Each team will have team leaders who are responsible for keeping track of each team member's contributions. Rotate leader roles at the beginning of the second week; every team member should be in at least one leader role during the project.
- Stand Up Leader
- Notifies team members about meeting schedule and ensures that everyone is present and ready
- Takes notes about each person's daily report in Stand Up
- Keeps the meeting moving
- Task Leader
- Leads discussion on task assignment and prioritization
- Decide if a task should be completed alone or in a pair
- Assign tasks based on...
- Individual comfort
- Desire
- Ability
- Ensures the Kanban board stays up to date
- Leads discussion on task assignment and prioritization
The Stand Up Leader should determine the daily time for your stand up meeting with the team. Once you come up with a time, confirm with your PM that this time will work for them.
At the end of each day, your team's assigned Project Manager will review the Trello board to ensure it captures the updates that your team has made throughout the day.
In a real world work environment, a team's success is measured by their product as opposed to each individual's contribution.
Each team will present their progress and respond to questions from their Project Manager on the first Friday. Every team member will participate in these demos; the PM will ask specific questions regarding
- The team's progress and plan for completing the project
- The technical decisions and implementation
- Every team member's understanding of the underlying technical structures
On the first Friday, instead of our normal full-class retro, each team will get together and conduct a small-scale retro.
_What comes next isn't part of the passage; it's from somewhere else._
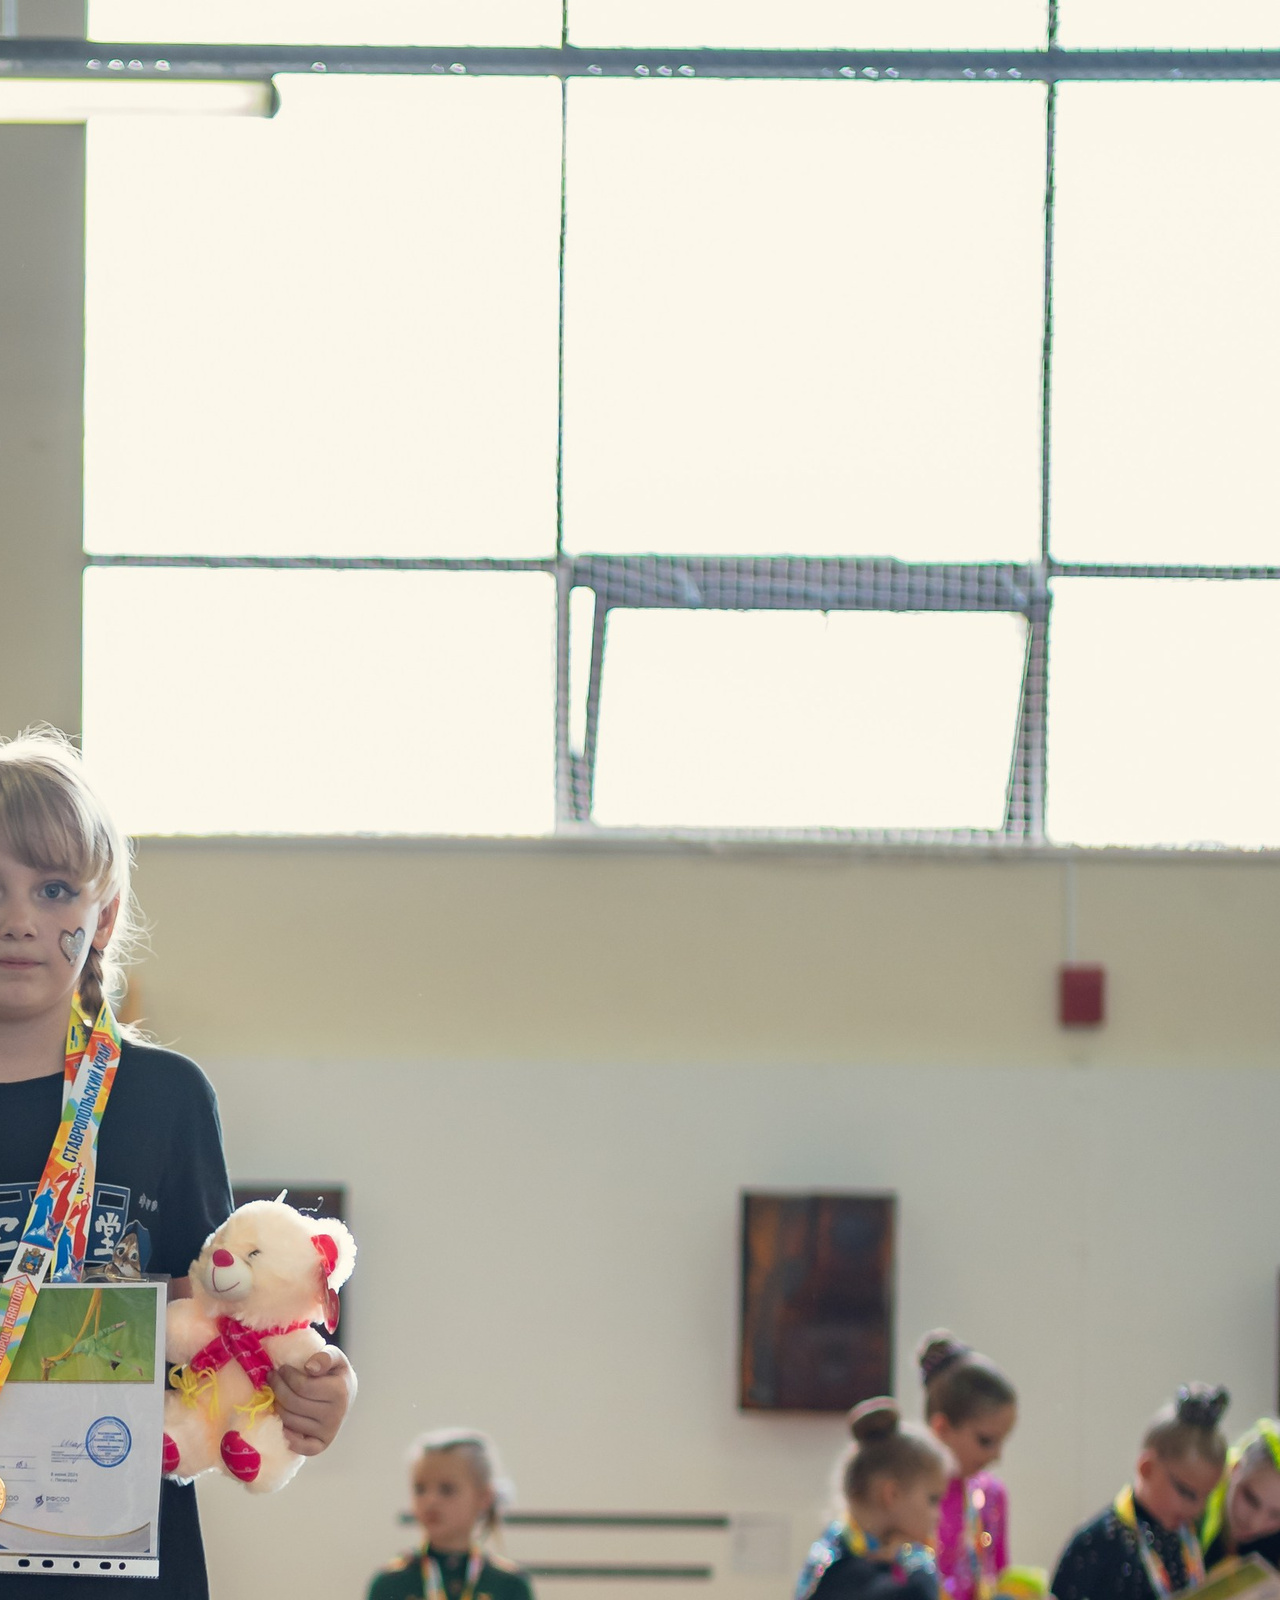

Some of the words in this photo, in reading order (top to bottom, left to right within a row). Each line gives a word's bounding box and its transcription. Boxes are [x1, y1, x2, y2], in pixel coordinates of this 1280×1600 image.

[62, 1068, 104, 1164] СТАВРОПОЛЬСКИЙ
[92, 1041, 113, 1073] КРАЙ
[2, 1280, 27, 1330] TERRITORY
One team member should facilitate, this may be the standup leader or someone else. Your retro should focus on the following questions:
- What has gone well?
- What could have gone better?
- Where is our direction still unclear?
Each team will present their product in a final presentation to the group on the final Friday. Your presentation should be no more than 7 minutes. The presentation should include every team member and:
- what you learned as individuals and as a group
- a short story-driven demo of interesting features
Your final project must be deployed to Heroku. Your team will open a single pull request for the entire project. There are comprehension questions to answer with your submission that you should complete together as a group. Remember, you can submit a PR and still make some final changes to your code, so don't wait until the last minute.
Check out the feedback template which lists the items instructors will be looking for as they evaluate your project.